=== Section Start ===

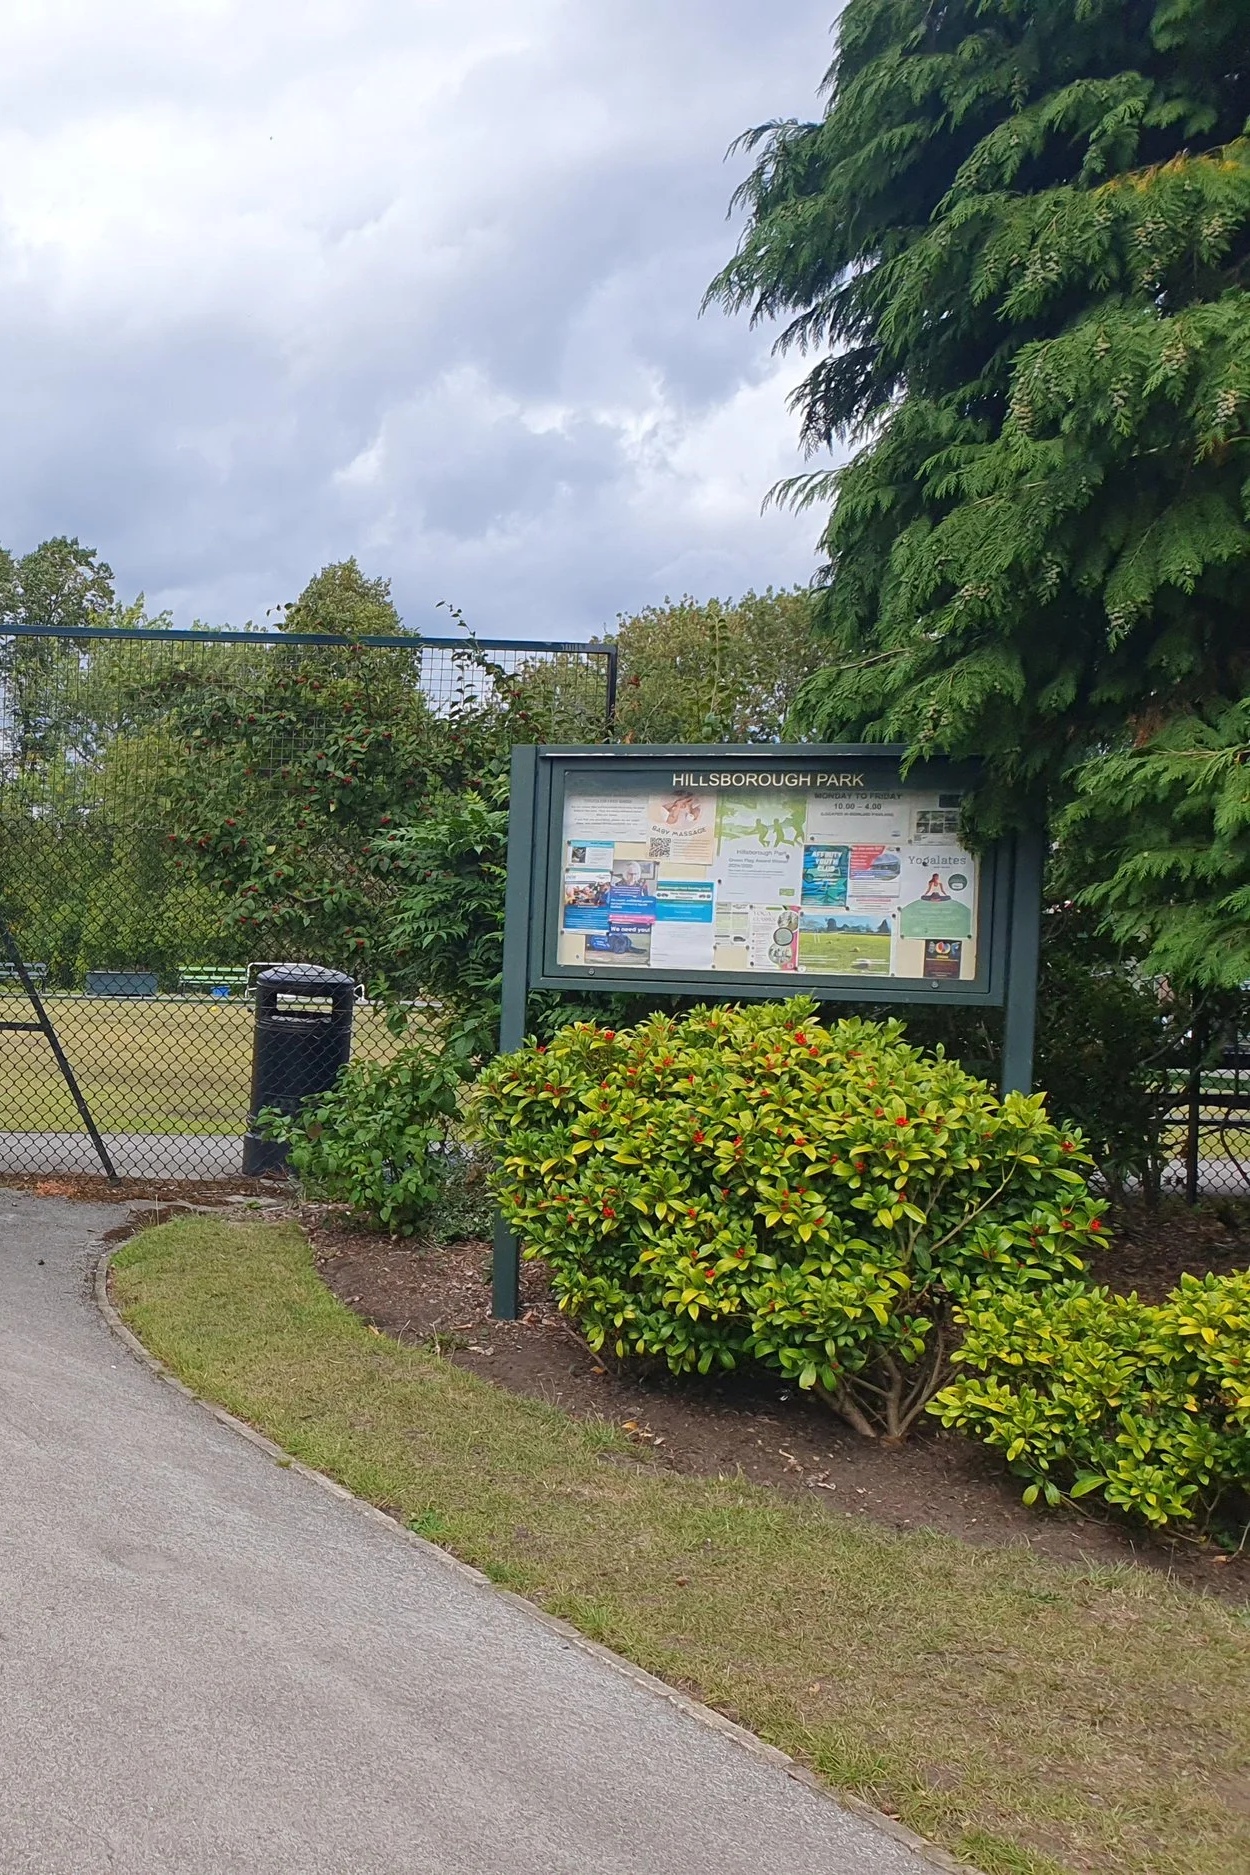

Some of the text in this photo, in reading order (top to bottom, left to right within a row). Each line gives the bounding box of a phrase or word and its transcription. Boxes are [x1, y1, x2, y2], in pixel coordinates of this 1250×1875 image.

[672, 773, 865, 787] HILLSBOROUGH PARK
[814, 792, 903, 800] MONDAY TO FRIDAY
[834, 802, 856, 810] 10.00
[651, 825, 707, 837] BABY MASSAGE
[908, 855, 967, 867] Yogalates

=== Section End ===

Your assignment: Your copy of the records must be exact and must contain no pictures.

Reply:
Some of the text in this photo, in reading order (top to bottom, left to right within a row). Each line gives the bounding box of a phrase or word and its transcription. Boxes are [x1, y1, x2, y2], in pixel coordinates of this 1250×1875 image.

[672, 773, 865, 787] HILLSBOROUGH PARK
[814, 792, 903, 800] MONDAY TO FRIDAY
[834, 802, 856, 810] 10.00
[651, 825, 707, 837] BABY MASSAGE
[908, 855, 967, 867] Yogalates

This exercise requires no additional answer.